Derek Trucks has a beautiful guitar tone that is perfect for the blues. Learn how he creates his mellow blues tones, and how you can do the same.
I have wanted to sound like Derek Trucks since the moment I first heard him play. In my opinion, Trucks is the ultimate bluesman. He plays with amazing feeling and has such a strong sense of melody. Perhaps most importantly, Trucks possesses an insightful and unique approach to lead guitar. For Trucks, soloing is not about showing off or highlighting his technical ability; it is about evoking emotion and moving his listeners.
Whilst a huge part of his ability to do this comes from Trucks’ fingers and playing style, his gear plays an important role too. Derek Trucks has a beautiful guitar tone that is perfect for the blues. It is a big sound that is warm and mellow, yet very precise. His notes always ring out with perfect clarity and his tone is never muddy.
Derek Trucks almost exclusively plays slide guitar. His playing style is heavily influenced by Duane Allman, and his rig and guitar set up reflects that. If you are a slide guitarist and you are looking for a killer slide tone, I would start by looking at Duane Allman’s set up, which I covered in much more detail here. That will give you the background and wider context to some of the points that I refer to here.

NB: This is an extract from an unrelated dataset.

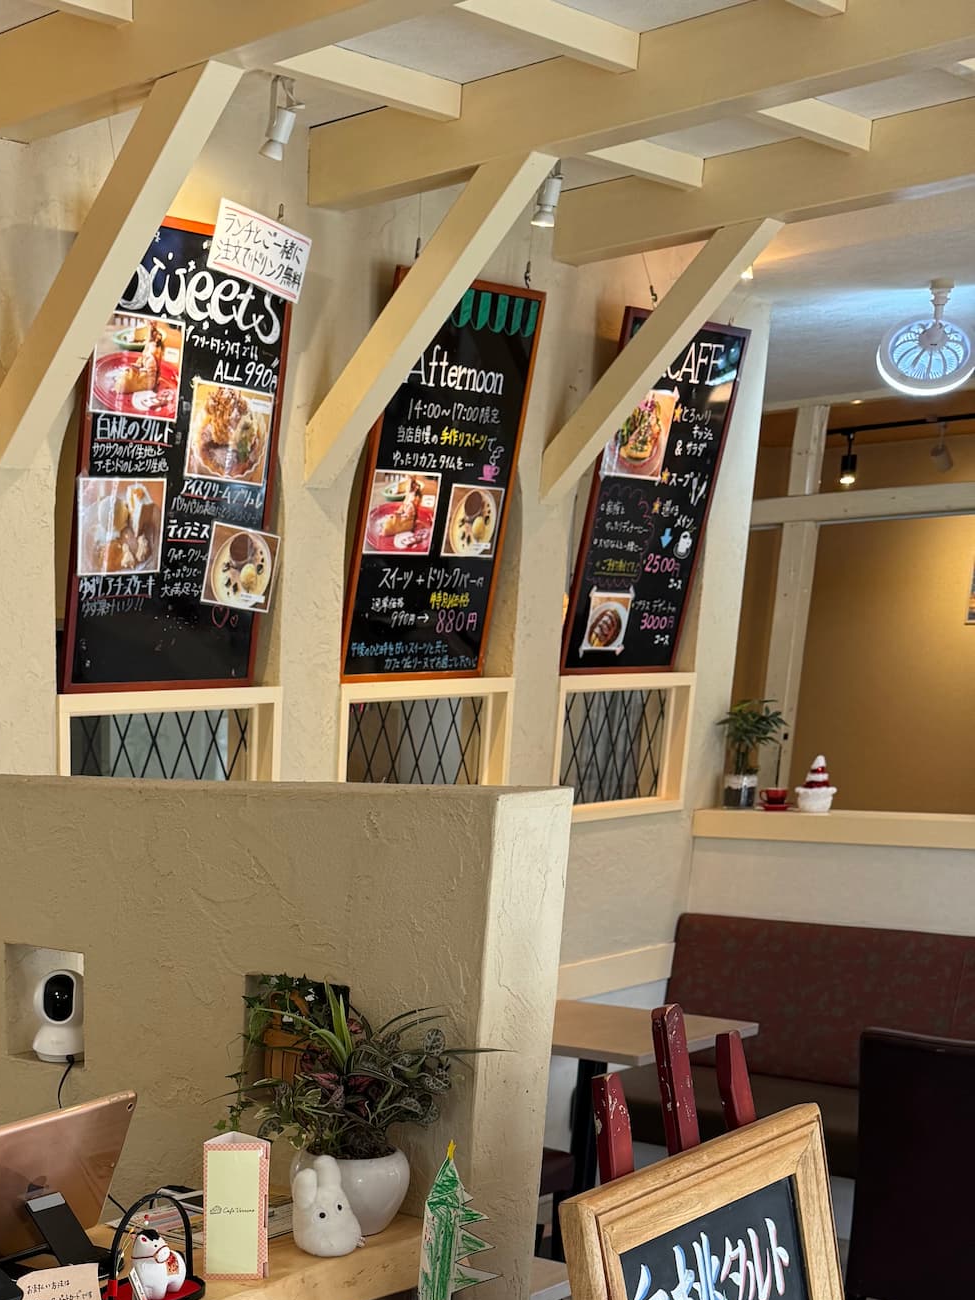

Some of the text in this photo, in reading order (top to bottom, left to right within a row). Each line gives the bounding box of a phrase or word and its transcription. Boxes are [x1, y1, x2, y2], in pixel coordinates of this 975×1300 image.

Although there are a lot of similarities between Trucks and Allman though, there are also some significant differences. Trucks has a cleaner and softer tone, and he has a very different approach to gear. So the information here will definitely give you more options and a different perspective on how to get some killer slide tones.
Even if you don’t play slide guitar though, there is a lot of information you can take away here that is still relevant. Trucks’ tone is beautiful, and will work brilliantly when you are playing regular guitar too.
So without further ado, here is everything you need to sound like Derek Trucks:
The Gibson SG
Derek Trucks has played a Gibson SG for his whole career. Although he has also occasionally played Washburn guitars, a Gibson Les Paul and a Gibson Firebird, the Gibson SG is the guitar with which he is associated. Over his career, there have been 3 main SGs that Trucks has used. The first of these was a ’62 SG Reissue which he used for the majority of the ’90s.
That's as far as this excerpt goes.